Code fails to link ("Relocation truncated to fit")

This may happen on x86_64 based systems if your data segment becomes larger than 2 GBytes. For the Intel compiler, please use the compiler options -mcmodel=medium -shared-intel to build and link your code. The -fpic option should be avoided. Other compilers (GCC, PGI) should simply use -mcmodel=medium. Note that this problem does not arise if you manage memory on the heap, so we recommend converting static arrays to allocatable ones.

Using large temporary arrays in subroutines fails

For the Intel compiler, using large automatic arrays as in

	subroutine foo(n)
! n is very large
integer :: n
real(rk) :: u(n) ... end subroutine

leads to segmentation faults and/or signal 11 crashes of the generated executables. The reason is that automatic arrays are placed on the stack, and the stack limit may be too low.

Workarounds:

  1. Use the -heap-arrays compiler switch to move allocation to the heap. You can also specify a size modifier if only large arrays should be thusly treated, i.e. -heap-arrays 10000 would place arrays larger than 10000 Bytes on the heap

  2. Increase the stack limit via the command ulimit -s unlimited. Note that special measures might be needed for MPI parallel programs to propagate this setting across nodes.

  3. Change over to use dynamic allocation:

       subroutine foo(n, u)
       integer :: n
       real(rk) :: u(n)
       ...
       real(rk), allocatable :: temp(:)
       ...
       allocate(temp(n), ...) ! allocation status query omitted here, please check to be safe
       ...
       deallocate(temp)
       end subroutine
    

    this will use the heap for the required storage.

icc and icpc fail to compile my (assembler) code

icc and icpc do their best to behave like the GNU compilers. However, they do not support assembler. If this causes trouble, use the -no-gcc compiler switch.

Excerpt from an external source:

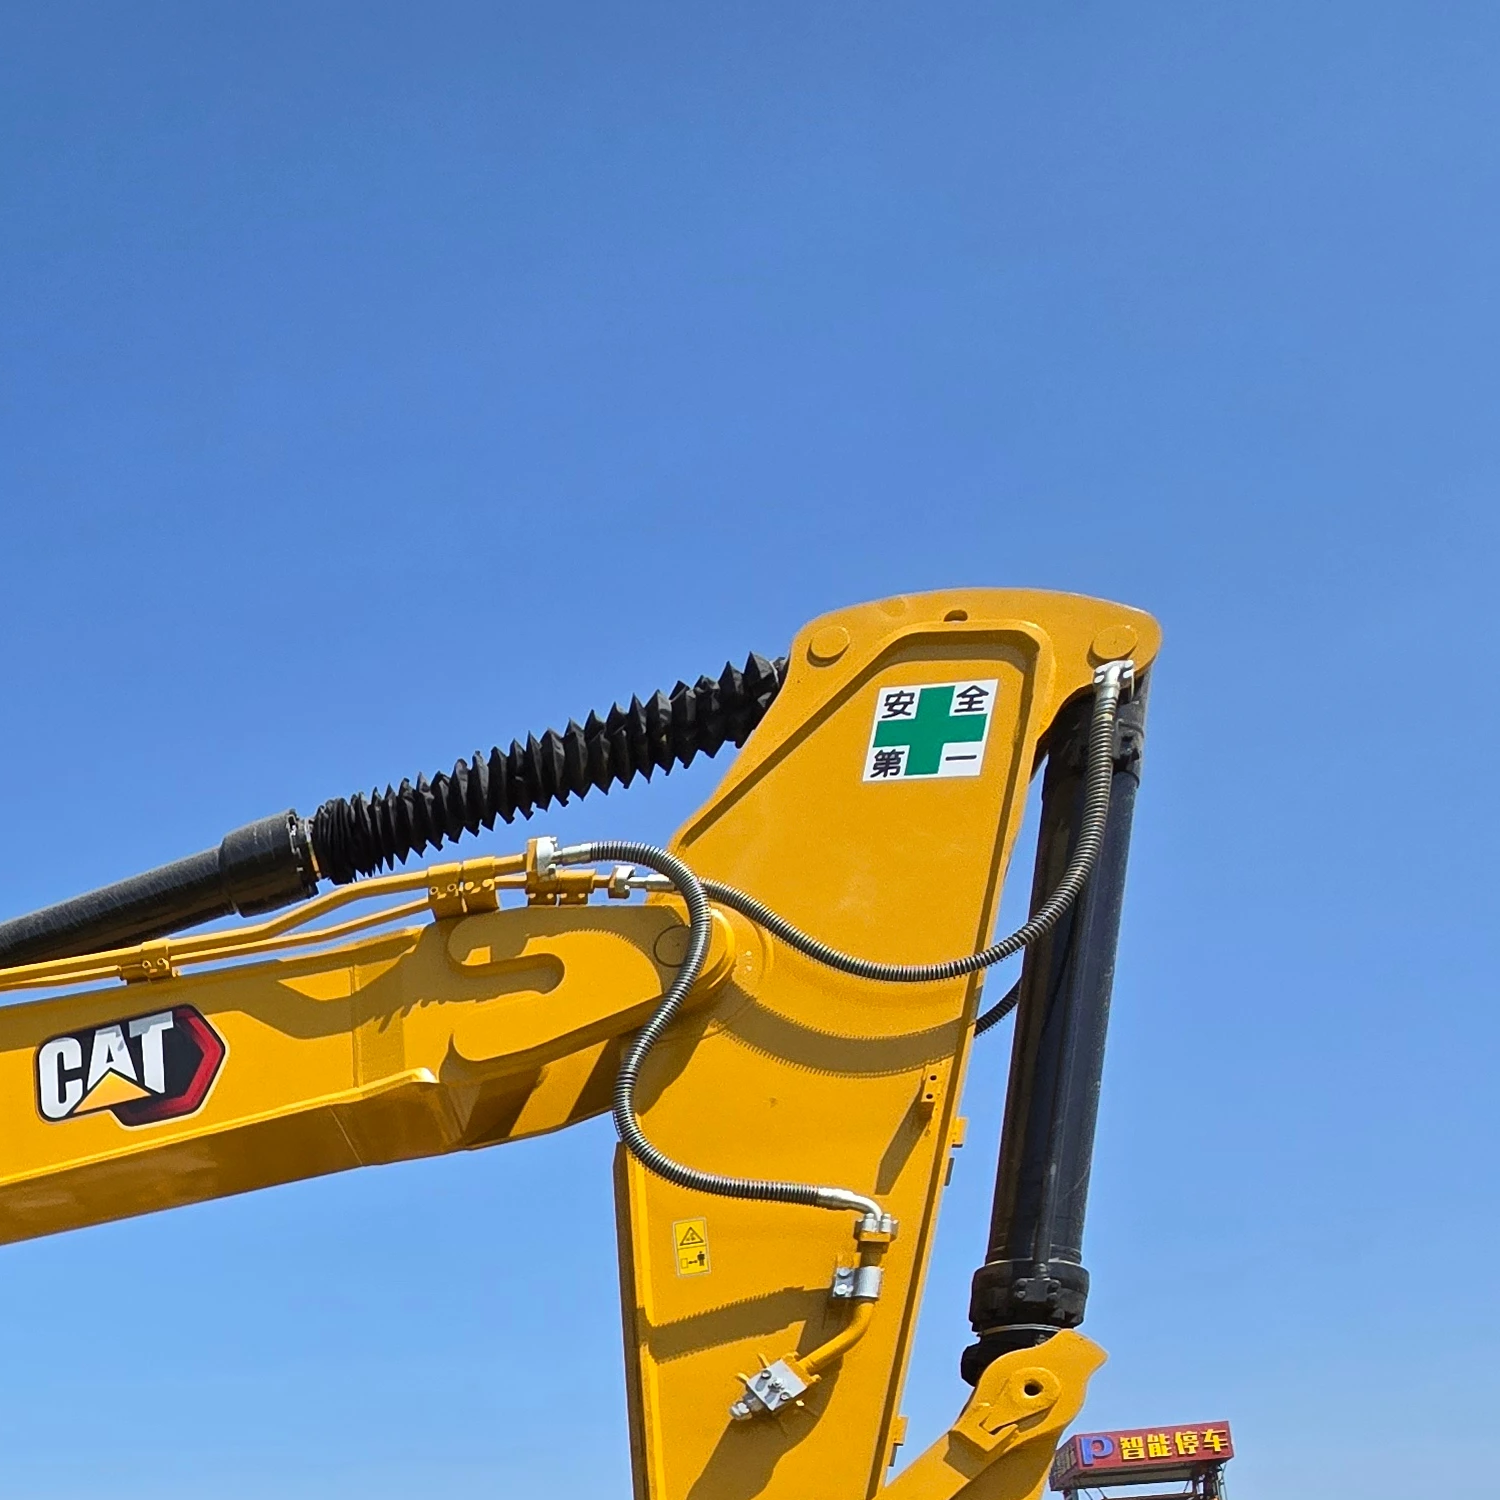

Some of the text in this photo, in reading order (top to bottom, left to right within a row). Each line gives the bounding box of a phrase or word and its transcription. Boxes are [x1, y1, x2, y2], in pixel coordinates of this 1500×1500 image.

[38, 1011, 174, 1109] CAT
[1119, 1428, 1229, 1461] 智能停车
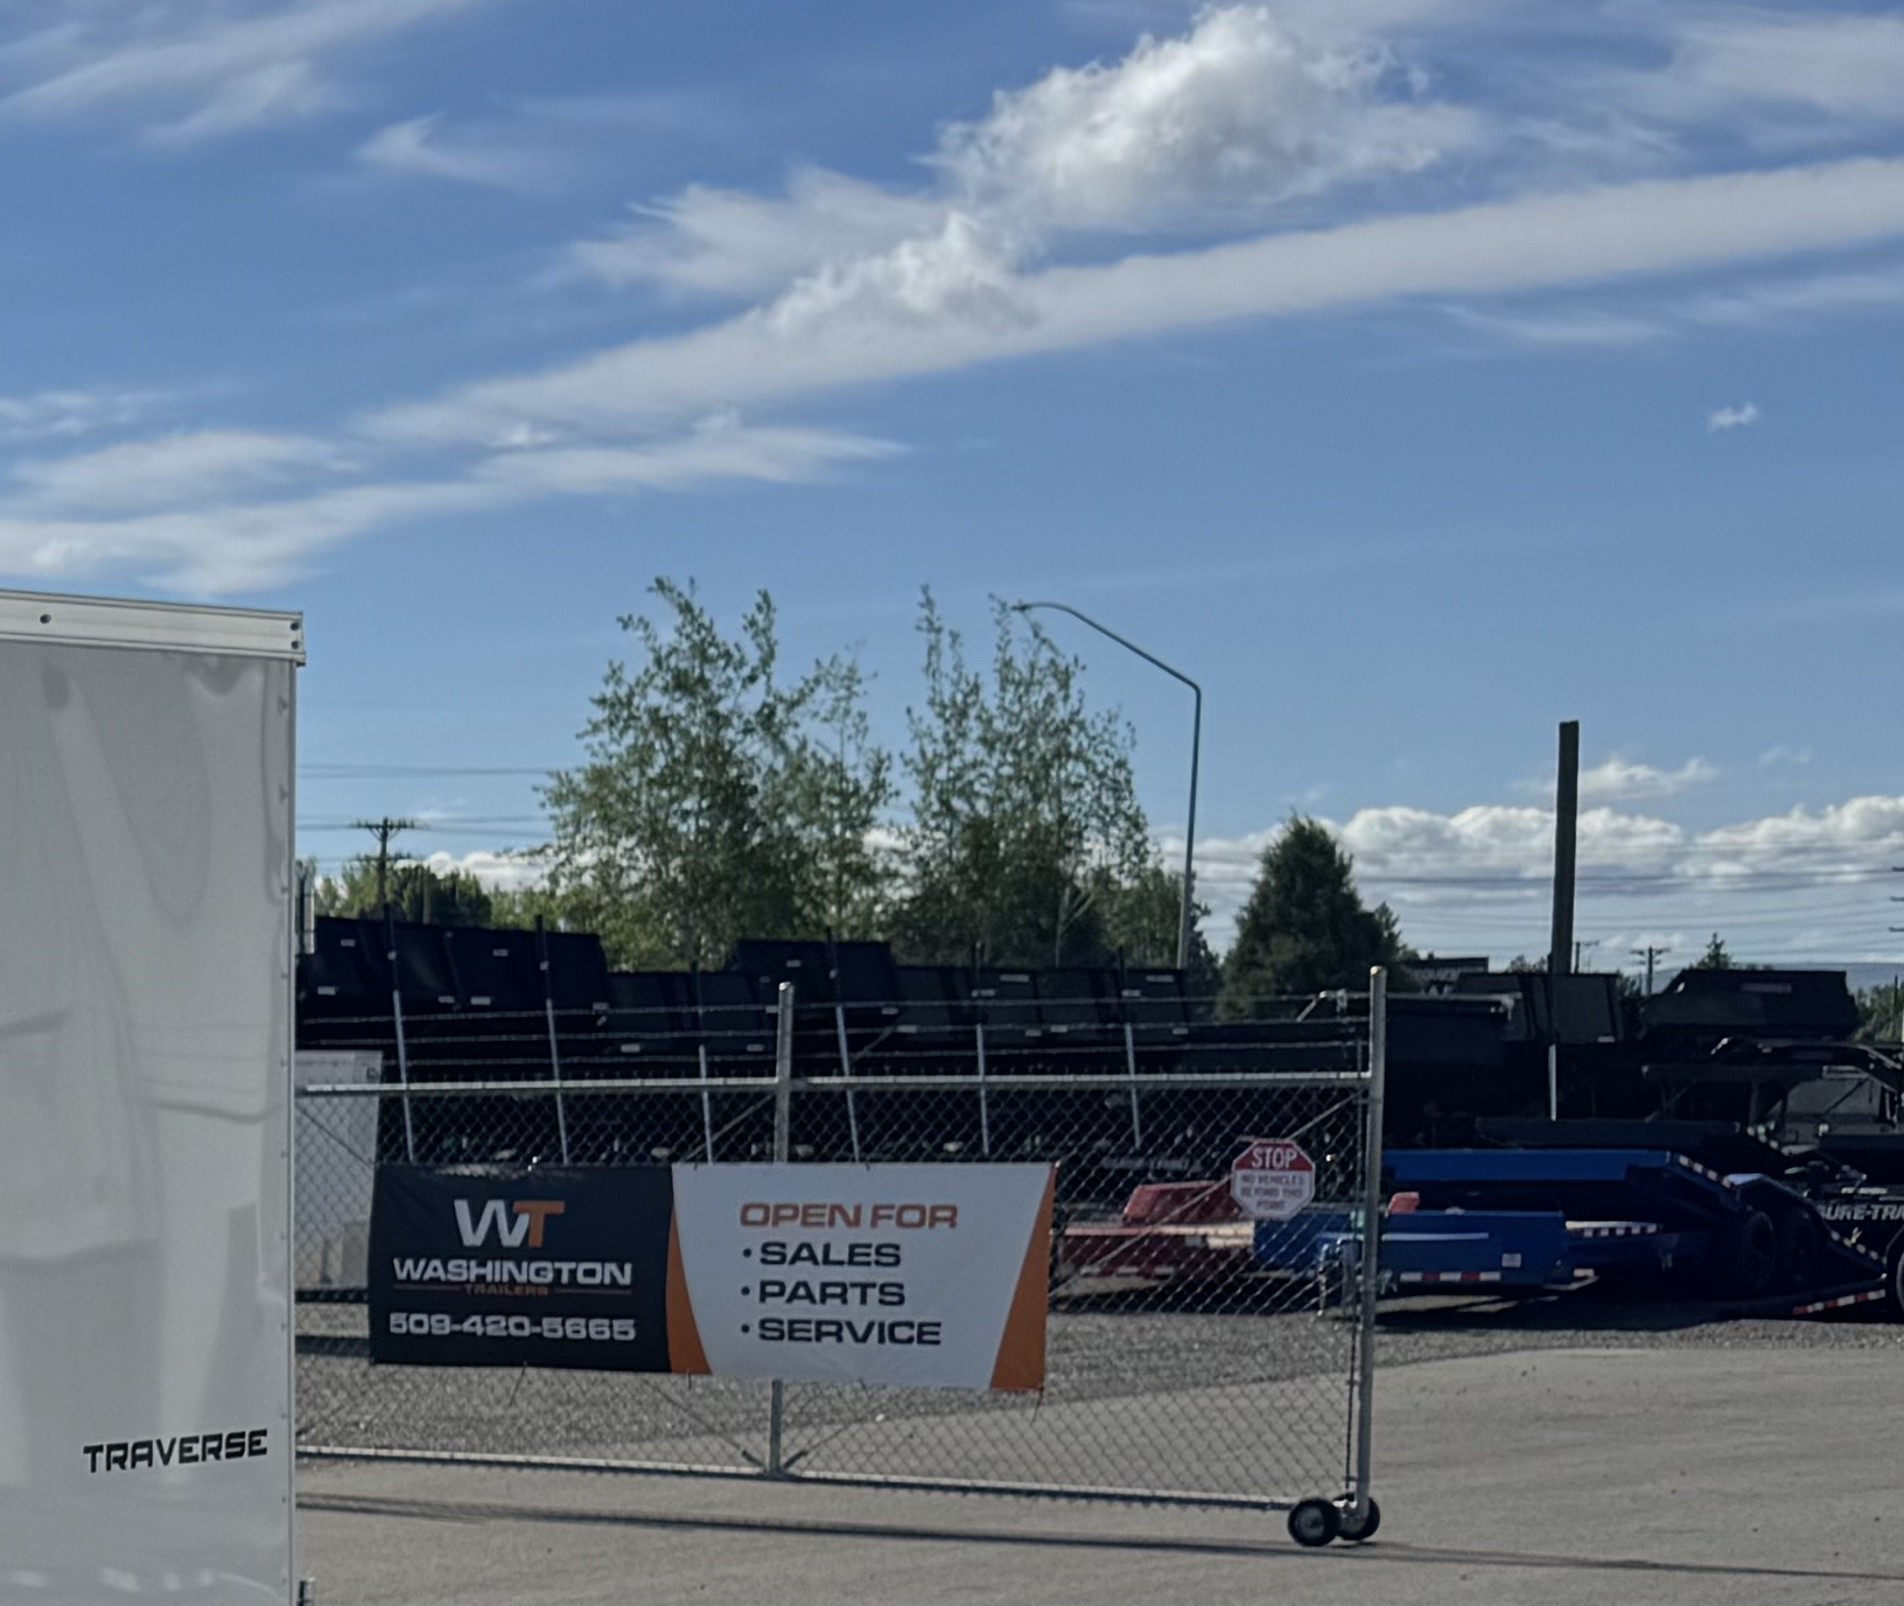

This will disable the gcc macros, and hence suppress using assembler statements which are (usually) shielded by macro invocations.

My program stops in I/O when writing or reading large files

Your file may be larger than 2 Gbytes and hence beyond the 32 bits supported by the traditional open() system call. Linux nowadays does support file sizes larger than 2 GBytes, however you may need to recompile your program to use this feature.

  1. GNU C compiler (gcc): Please recompile all sources containing I/O calls using the preprocessor macro _FILE_OFFSET_BITS=64, i. e.

    gcc -c -D_FILE_OFFSET_BITS=64 (... other options) foo.c
    

    See this page for further details (some of which may be outdated).

  2. PGI Fortran compiler: Please use the -Mlfs compiler switch when linking.

  3. Intel Fortran compiler: Automatically supports large files. However, there are limits on the record sizes.

  4. On 64 bit systems in 64 bit mode no problems should occur since large files should be supported by default. Note however that there still may be limits for accessing large files via NFS.

I've got a lot of Fortran-unformatted Files from big-endian systems (old vector or IBM Power). Can I use those?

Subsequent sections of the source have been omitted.